* _Task instructions_:
Every record must appear in your copy exactly as written, with no pictures.

* _Supplied information_:
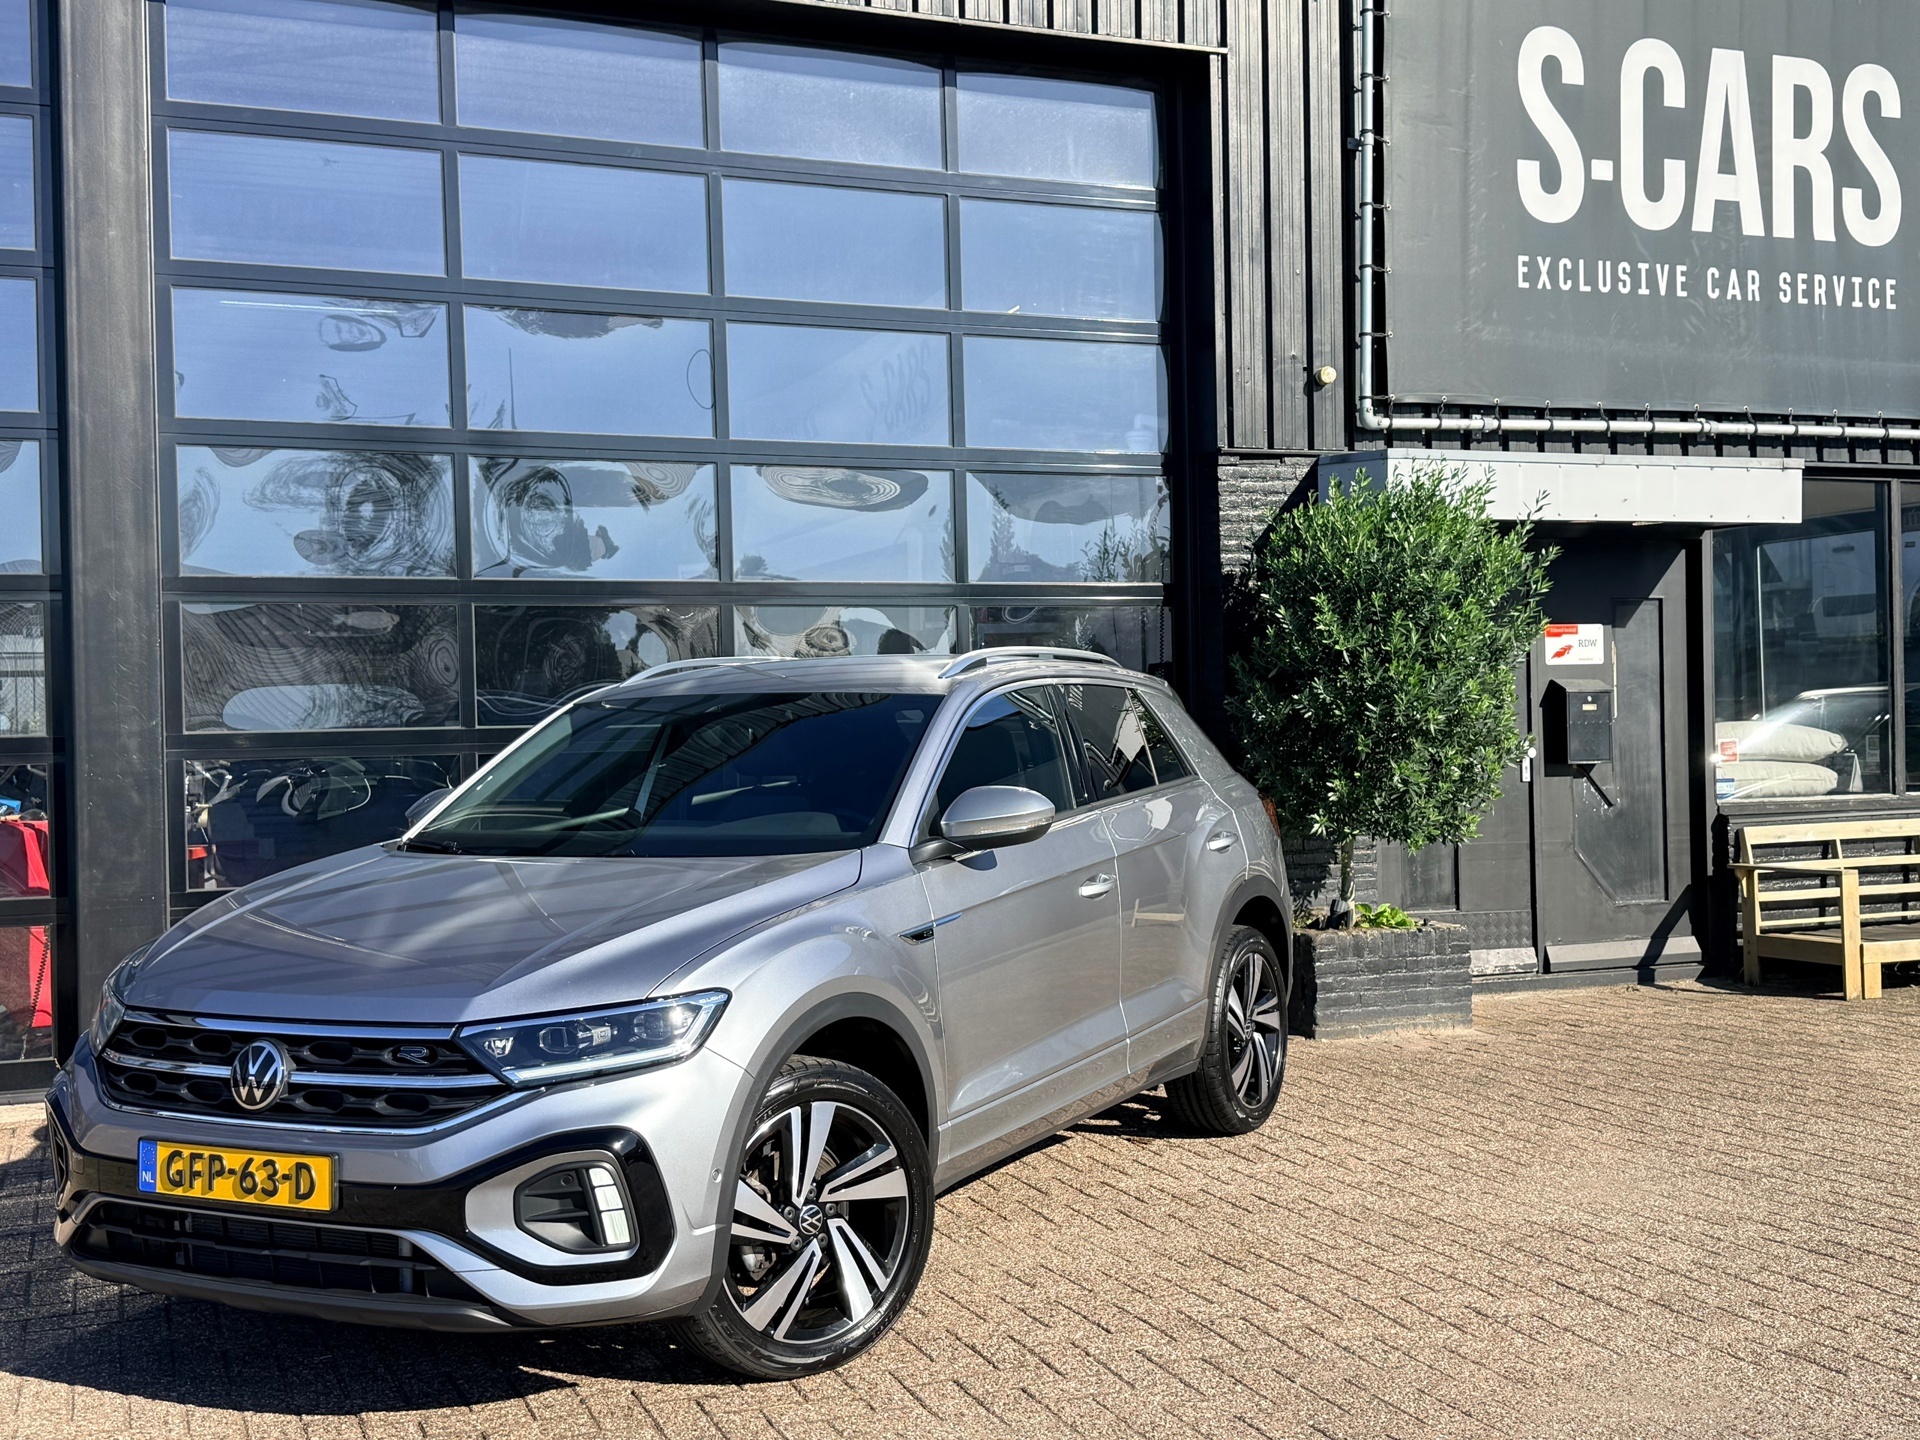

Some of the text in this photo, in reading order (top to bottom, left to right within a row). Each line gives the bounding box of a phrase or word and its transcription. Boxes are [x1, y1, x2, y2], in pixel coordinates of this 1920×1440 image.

[1517, 25, 1902, 247] S-CARS
[1517, 254, 1897, 310] EXCLUSIVE CAR SERVICE
[1578, 639, 1598, 648] RDW
[142, 1171, 155, 1183] NL
[166, 1150, 316, 1200] GFP-63-D

* _The answer_:
Some of the text in this photo, in reading order (top to bottom, left to right within a row). Each line gives the bounding box of a phrase or word and its transcription. Boxes are [x1, y1, x2, y2], in pixel coordinates of this 1920×1440 image.

[1517, 25, 1902, 247] S-CARS
[1517, 254, 1897, 310] EXCLUSIVE CAR SERVICE
[1578, 639, 1598, 648] RDW
[142, 1171, 155, 1183] NL
[166, 1150, 316, 1200] GFP-63-D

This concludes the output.